El Ministro de comercio exterior del Brasil, Celso Amorim, llamó al compromiso agrícola "una especie de Cancún II acto, en la cual los dos países desarrollados […] encontraron niveles comunes de comodidad para ellos… guardando para ellos, por supuesto, una ambición muy alta [en AMNA] para nosotros."
Los dos países en desarrollo dijeron que las concesiones ofrecidas por la UE y EE.UU. estaban lejos de ser suficientes para compensar las demandas en materia de AMNA.
Los países desarrollados habían propuesto un coeficiente de 10 para ellos y 15 para los países en desarrollo, que habrían limitado sus aranceles en un 10 por ciento y un 15 por ciento, respectivamente. En una sesión reciente del grupo de negociación de AMNA, que se llevó a cabo en Ginebra, un grupo de países en desarrollo (entre los cuales se encuentran India y Brasil) había dicho que debería haber por lo menos una diferencia 20-puntos entre los dos coeficientes. Tal variación fue autorizada por el mandato de negociación de AMNA, que establece la no reciprocidad plena en los compromisos con países en desarrollo, así como por la declaración ministerial de Hong Kong, que instruye a los negociadores que se aseguren que exista un nivel de ambición en el acceso a los mercados para la agricultura y el AMNA comparablemente elevado.

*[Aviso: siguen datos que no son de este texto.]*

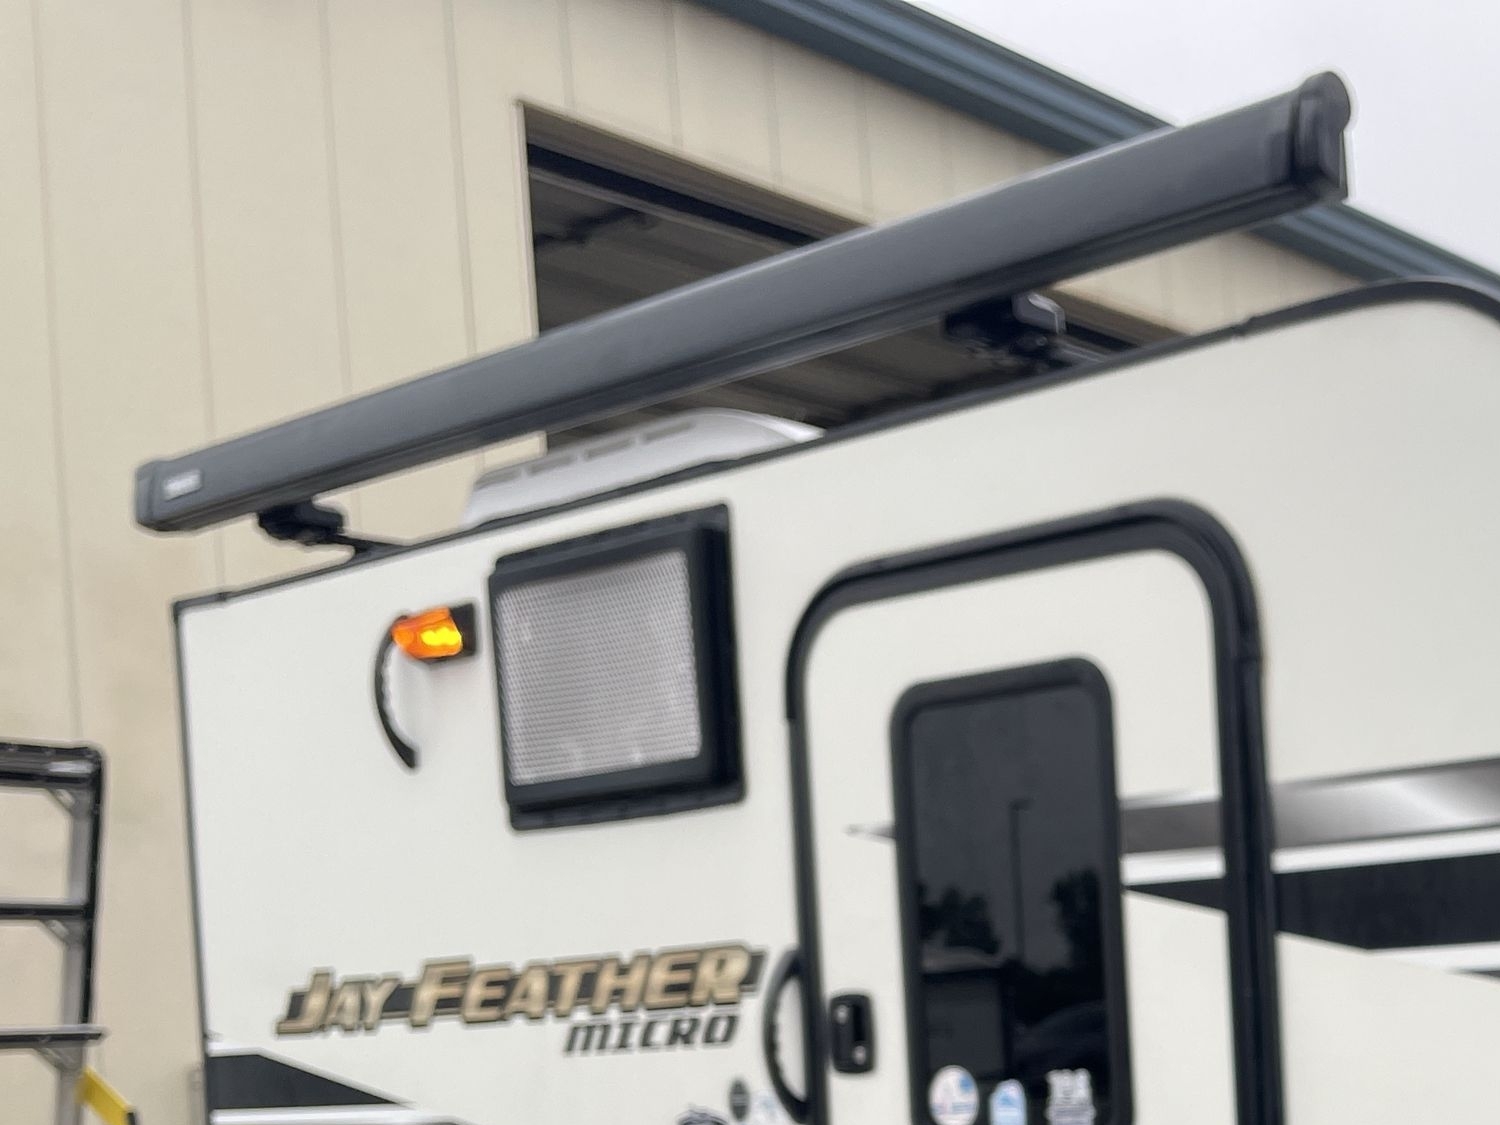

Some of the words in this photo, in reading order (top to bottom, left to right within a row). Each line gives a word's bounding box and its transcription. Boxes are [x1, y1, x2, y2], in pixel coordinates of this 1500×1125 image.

[276, 966, 401, 1034] JAY
[409, 943, 750, 1028] FEATHER
[563, 1014, 739, 1053] MICRO

En Potsdam India y el Brasil habían dicho que podrían aceptar un coeficiente de 25 para los países en desarrollo, pero el UE encontró tales condiciones inaceptables.

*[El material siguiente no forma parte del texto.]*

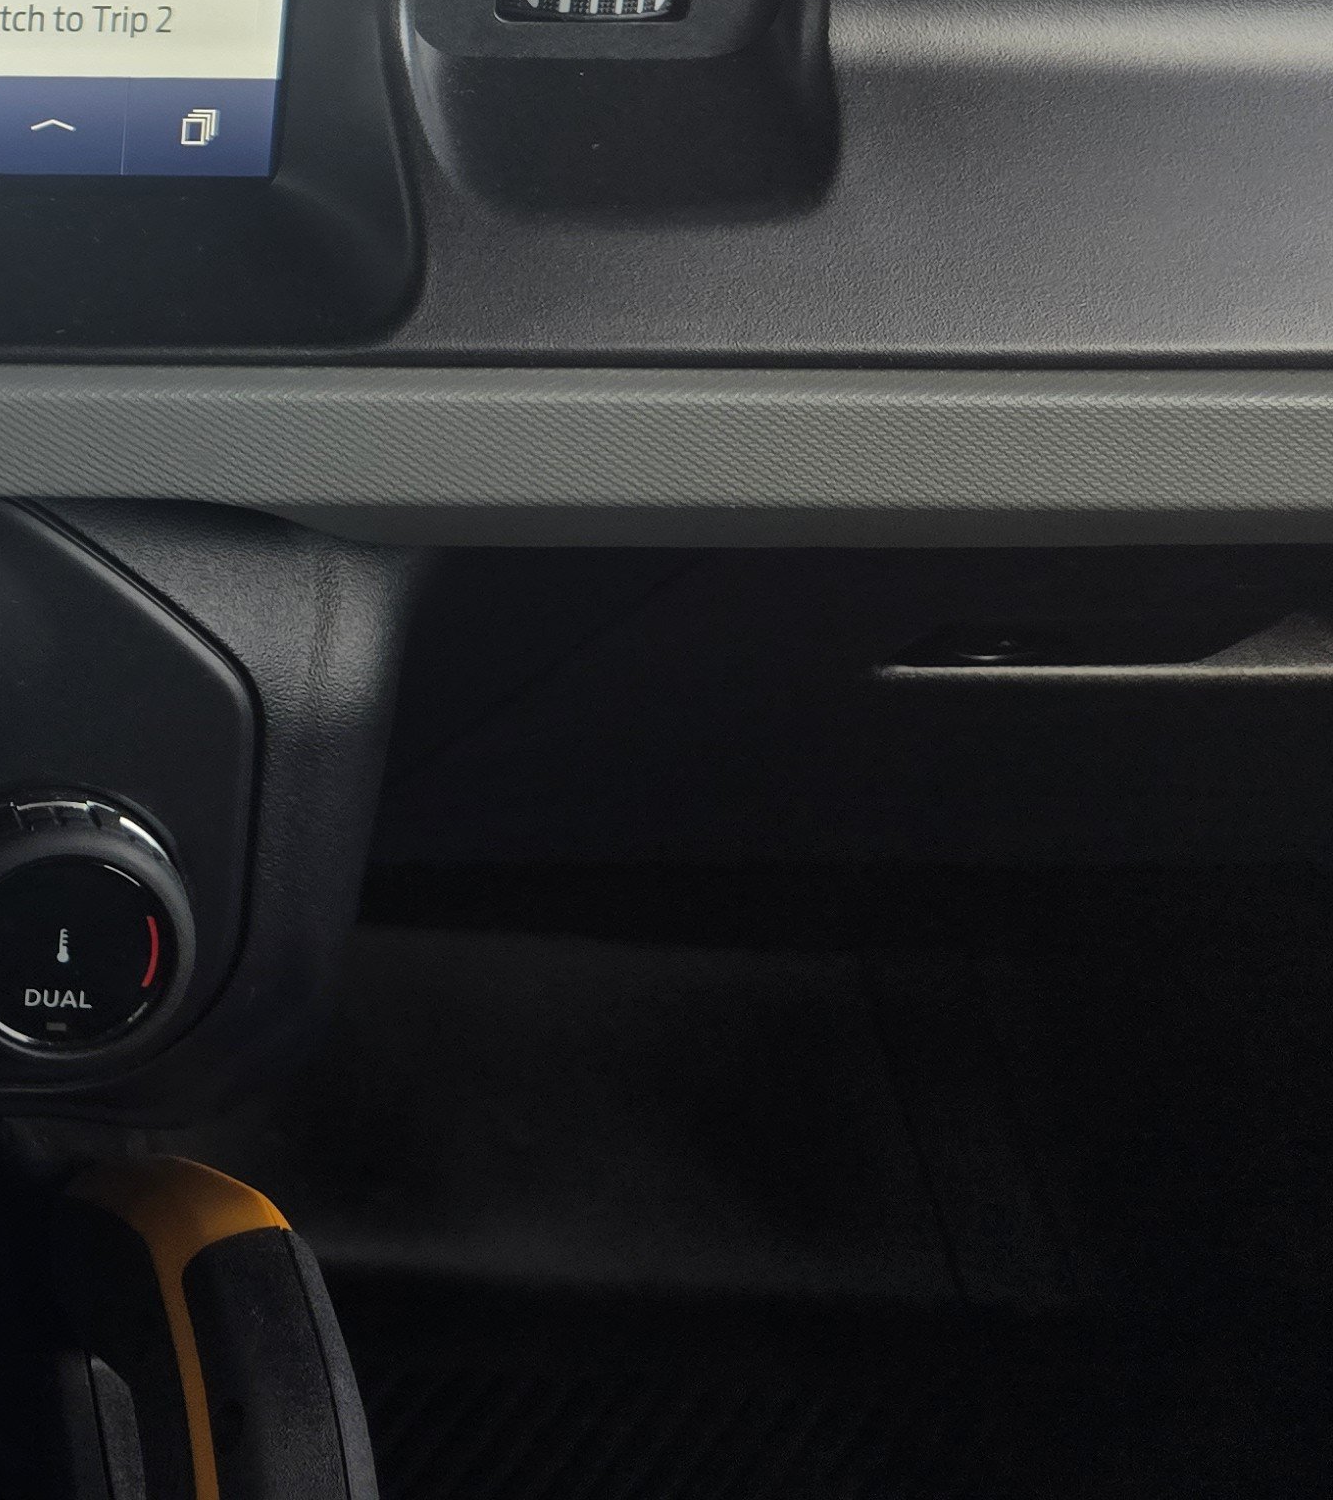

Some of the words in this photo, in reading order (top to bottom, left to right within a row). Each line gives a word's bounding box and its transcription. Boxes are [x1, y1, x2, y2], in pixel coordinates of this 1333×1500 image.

[54, 7, 83, 32] to
[93, 6, 148, 38] Trip
[156, 6, 172, 33] 2
[24, 988, 92, 1008] DUAL

Lamy salió a defender la Ronda
Mientras que en Potsdam ningún de los protagonistas indicó una voluntad de reanudación de las negociaciones, el Director General de la OMC, Pascal Lamy, se precipitó para decir que el Ciclo de Doha aún no se había muerto. Según su modo de ver las negociaciones, las mismas se refieren a los 150 miembros y no solamente a los miembros del G-4. Lamy destacó que el proceso continuará en Ginebra en los distintos Grupos de negociación.